----- RECORDS TO USE -----

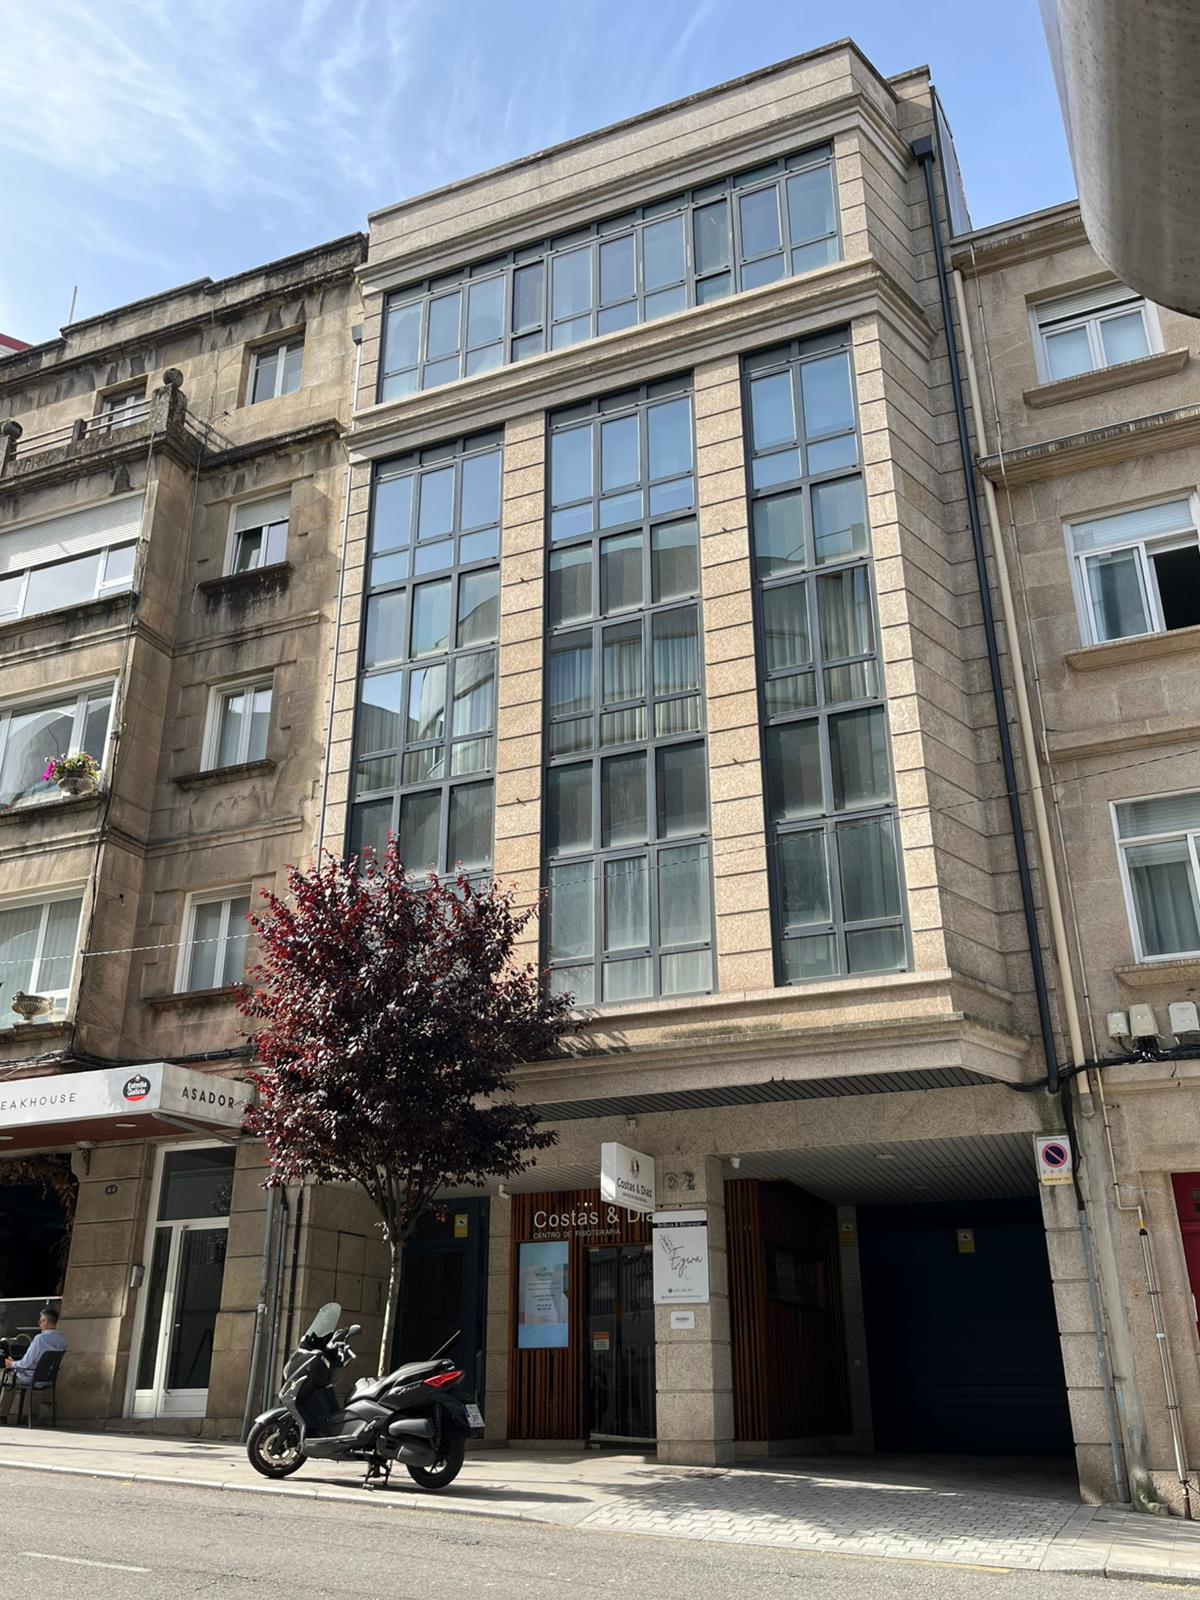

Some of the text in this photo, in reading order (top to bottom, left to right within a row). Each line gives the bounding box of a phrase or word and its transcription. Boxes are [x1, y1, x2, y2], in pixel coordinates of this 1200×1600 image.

[0, 1092, 76, 1111] EAKHOUSE
[181, 1086, 234, 1109] ASADOR
[616, 1177, 635, 1192] Costas
[534, 1209, 598, 1228] Costas
[607, 1206, 620, 1224] &
[533, 1231, 560, 1239] CENTRO
[563, 1230, 572, 1238] DE

-----

The reply has to reproduce every line above verbatim and contain no pictures.

Some of the text in this photo, in reading order (top to bottom, left to right within a row). Each line gives the bounding box of a phrase or word and its transcription. Boxes are [x1, y1, x2, y2], in pixel coordinates of this 1200×1600 image.

[0, 1092, 76, 1111] EAKHOUSE
[181, 1086, 234, 1109] ASADOR
[616, 1177, 635, 1192] Costas
[534, 1209, 598, 1228] Costas
[607, 1206, 620, 1224] &
[533, 1231, 560, 1239] CENTRO
[563, 1230, 572, 1238] DE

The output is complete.